11-26-2018, 05:13 PM
(11-26-2018, 05:04 PM)Coke6pk Wrote:(11-22-2018, 04:09 PM)jamincan Wrote: Specifically comparing fire services, EMS, and policing, I believe fire fighters are the only ones who have 24-hour shifts. All other emergency services typically do 12-hour shifts as far as I know. While fire response is important, fire-related calls are probably the least frequent of all three services. The fact that fire services are so often idle means we are often falling back on them to respond to medical calls because EMS is so over-worked. The whole situation seems backward to me; we should be spending more to improve EMS and finding ways to reduce cost for fire services.

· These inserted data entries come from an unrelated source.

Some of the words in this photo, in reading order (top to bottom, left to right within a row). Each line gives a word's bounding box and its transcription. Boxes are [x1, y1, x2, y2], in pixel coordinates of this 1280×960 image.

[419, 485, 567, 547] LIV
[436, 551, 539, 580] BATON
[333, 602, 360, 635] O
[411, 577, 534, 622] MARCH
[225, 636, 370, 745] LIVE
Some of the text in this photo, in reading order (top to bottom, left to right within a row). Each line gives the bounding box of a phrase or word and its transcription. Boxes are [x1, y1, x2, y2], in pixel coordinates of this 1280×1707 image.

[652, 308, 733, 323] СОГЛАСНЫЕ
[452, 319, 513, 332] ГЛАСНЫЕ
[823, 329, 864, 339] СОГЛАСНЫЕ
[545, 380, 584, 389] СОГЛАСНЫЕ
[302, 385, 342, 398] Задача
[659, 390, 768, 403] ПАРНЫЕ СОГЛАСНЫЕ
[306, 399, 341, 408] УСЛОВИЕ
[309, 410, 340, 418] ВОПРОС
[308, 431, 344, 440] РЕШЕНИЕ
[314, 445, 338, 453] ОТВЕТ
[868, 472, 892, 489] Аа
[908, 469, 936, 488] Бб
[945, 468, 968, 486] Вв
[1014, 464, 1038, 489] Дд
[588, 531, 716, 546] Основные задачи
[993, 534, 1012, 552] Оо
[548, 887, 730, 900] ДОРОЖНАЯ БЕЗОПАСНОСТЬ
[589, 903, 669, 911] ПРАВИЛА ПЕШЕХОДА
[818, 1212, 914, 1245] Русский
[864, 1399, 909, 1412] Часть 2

There are very few jobs where you get paid to sleep.
Our paramedics are underpaid and understaffed. Money from the fire dept should go towards them.

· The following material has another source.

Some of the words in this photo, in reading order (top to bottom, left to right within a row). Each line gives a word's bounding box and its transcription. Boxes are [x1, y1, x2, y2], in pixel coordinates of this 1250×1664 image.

If a police officer or paramedic was photographed sleeping on duty, working out on duty, grocery shopping on duty, it would fail the "Globe and Mail" test. A firefighter doing the same this is commonplace, and society accepts this. This is where the problem lies.
I don't pay my doctor for his down time, but he will likely save my life before a firefighter does.
Coke
Mmm....doctors are probably not the best example, on call doctors (and some erm...higher level? nurses in some places) do occasionally end up napping, while on call.
Certainly it is a highly unusual example, pretty much restricted to on-call individuals.
For that matter, I have before been on an on-call rotation for a production system I managed, and was effectively paid to sleep...although that's a little different in that I was at home.